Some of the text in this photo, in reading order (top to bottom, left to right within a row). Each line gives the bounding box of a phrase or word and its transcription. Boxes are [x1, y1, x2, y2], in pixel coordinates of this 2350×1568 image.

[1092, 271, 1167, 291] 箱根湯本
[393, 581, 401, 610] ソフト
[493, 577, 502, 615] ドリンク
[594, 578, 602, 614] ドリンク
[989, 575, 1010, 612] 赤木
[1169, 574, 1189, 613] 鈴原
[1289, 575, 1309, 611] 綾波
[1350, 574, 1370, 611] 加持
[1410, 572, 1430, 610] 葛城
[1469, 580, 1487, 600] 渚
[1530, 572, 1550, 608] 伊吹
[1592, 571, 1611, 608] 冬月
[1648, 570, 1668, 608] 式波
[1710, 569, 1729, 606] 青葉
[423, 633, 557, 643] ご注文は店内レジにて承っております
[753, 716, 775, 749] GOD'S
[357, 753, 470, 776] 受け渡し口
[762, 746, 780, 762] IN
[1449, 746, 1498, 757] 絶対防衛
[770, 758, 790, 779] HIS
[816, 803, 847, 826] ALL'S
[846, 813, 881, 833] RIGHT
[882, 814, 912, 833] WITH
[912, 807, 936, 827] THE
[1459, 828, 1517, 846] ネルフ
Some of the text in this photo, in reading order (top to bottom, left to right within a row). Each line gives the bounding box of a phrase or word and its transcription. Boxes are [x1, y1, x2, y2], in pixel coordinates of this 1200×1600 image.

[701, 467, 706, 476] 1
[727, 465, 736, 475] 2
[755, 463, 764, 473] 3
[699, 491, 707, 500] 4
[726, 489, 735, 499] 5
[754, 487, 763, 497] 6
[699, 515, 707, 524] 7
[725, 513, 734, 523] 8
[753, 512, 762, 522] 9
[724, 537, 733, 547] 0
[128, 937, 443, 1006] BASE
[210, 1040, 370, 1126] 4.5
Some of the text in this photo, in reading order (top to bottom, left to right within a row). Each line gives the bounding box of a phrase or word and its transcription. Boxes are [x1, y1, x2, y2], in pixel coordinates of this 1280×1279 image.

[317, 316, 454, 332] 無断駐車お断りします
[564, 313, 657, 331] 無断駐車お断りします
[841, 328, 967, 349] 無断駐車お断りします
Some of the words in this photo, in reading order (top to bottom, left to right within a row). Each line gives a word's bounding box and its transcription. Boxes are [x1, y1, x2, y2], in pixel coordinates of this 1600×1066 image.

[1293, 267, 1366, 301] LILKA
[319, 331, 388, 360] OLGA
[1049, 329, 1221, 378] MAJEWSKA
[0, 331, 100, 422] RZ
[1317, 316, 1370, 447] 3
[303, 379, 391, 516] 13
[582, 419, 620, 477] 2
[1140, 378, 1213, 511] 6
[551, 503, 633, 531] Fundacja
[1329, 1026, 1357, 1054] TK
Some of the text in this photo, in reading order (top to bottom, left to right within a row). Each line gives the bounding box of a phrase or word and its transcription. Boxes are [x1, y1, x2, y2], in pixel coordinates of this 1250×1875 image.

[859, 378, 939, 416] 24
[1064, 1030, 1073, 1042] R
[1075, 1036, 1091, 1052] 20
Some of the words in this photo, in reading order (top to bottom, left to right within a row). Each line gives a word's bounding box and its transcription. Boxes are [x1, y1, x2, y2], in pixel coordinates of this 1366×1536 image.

### The task
Word for word, reproduce every line of the data.

### Solved exercise
Some of the text in this photo, in reading order (top to bottom, left to right within a row). Each line gives the bounding box of a phrase or word and its transcription. Boxes are [x1, y1, x2, y2], in pixel coordinates of this 2350×1568 image.

[1092, 271, 1167, 291] 箱根湯本
[393, 581, 401, 610] ソフト
[493, 577, 502, 615] ドリンク
[594, 578, 602, 614] ドリンク
[989, 575, 1010, 612] 赤木
[1169, 574, 1189, 613] 鈴原
[1289, 575, 1309, 611] 綾波
[1350, 574, 1370, 611] 加持
[1410, 572, 1430, 610] 葛城
[1469, 580, 1487, 600] 渚
[1530, 572, 1550, 608] 伊吹
[1592, 571, 1611, 608] 冬月
[1648, 570, 1668, 608] 式波
[1710, 569, 1729, 606] 青葉
[423, 633, 557, 643] ご注文は店内レジにて承っております
[753, 716, 775, 749] GOD'S
[357, 753, 470, 776] 受け渡し口
[762, 746, 780, 762] IN
[1449, 746, 1498, 757] 絶対防衛
[770, 758, 790, 779] HIS
[816, 803, 847, 826] ALL'S
[846, 813, 881, 833] RIGHT
[882, 814, 912, 833] WITH
[912, 807, 936, 827] THE
[1459, 828, 1517, 846] ネルフ
Some of the text in this photo, in reading order (top to bottom, left to right within a row). Each line gives the bounding box of a phrase or word and its transcription. Boxes are [x1, y1, x2, y2], in pixel coordinates of this 1200×1600 image.

[701, 467, 706, 476] 1
[727, 465, 736, 475] 2
[755, 463, 764, 473] 3
[699, 491, 707, 500] 4
[726, 489, 735, 499] 5
[754, 487, 763, 497] 6
[699, 515, 707, 524] 7
[725, 513, 734, 523] 8
[753, 512, 762, 522] 9
[724, 537, 733, 547] 0
[128, 937, 443, 1006] BASE
[210, 1040, 370, 1126] 4.5
Some of the text in this photo, in reading order (top to bottom, left to right within a row). Each line gives the bounding box of a phrase or word and its transcription. Boxes are [x1, y1, x2, y2], in pixel coordinates of this 1280×1279 image.

[317, 316, 454, 332] 無断駐車お断りします
[564, 313, 657, 331] 無断駐車お断りします
[841, 328, 967, 349] 無断駐車お断りします
Some of the words in this photo, in reading order (top to bottom, left to right within a row). Each line gives a word's bounding box and its transcription. Boxes are [x1, y1, x2, y2], in pixel coordinates of this 1600×1066 image.

[1293, 267, 1366, 301] LILKA
[319, 331, 388, 360] OLGA
[1049, 329, 1221, 378] MAJEWSKA
[0, 331, 100, 422] RZ
[1317, 316, 1370, 447] 3
[303, 379, 391, 516] 13
[582, 419, 620, 477] 2
[1140, 378, 1213, 511] 6
[551, 503, 633, 531] Fundacja
[1329, 1026, 1357, 1054] TK
Some of the text in this photo, in reading order (top to bottom, left to right within a row). Each line gives the bounding box of a phrase or word and its transcription. Boxes are [x1, y1, x2, y2], in pixel coordinates of this 1250×1875 image.

[859, 378, 939, 416] 24
[1064, 1030, 1073, 1042] R
[1075, 1036, 1091, 1052] 20
Some of the words in this photo, in reading order (top to bottom, left to right within a row). Each line gives a word's bounding box and its transcription. Boxes are [x1, y1, x2, y2], in pixel coordinates of this 1366×1536 image.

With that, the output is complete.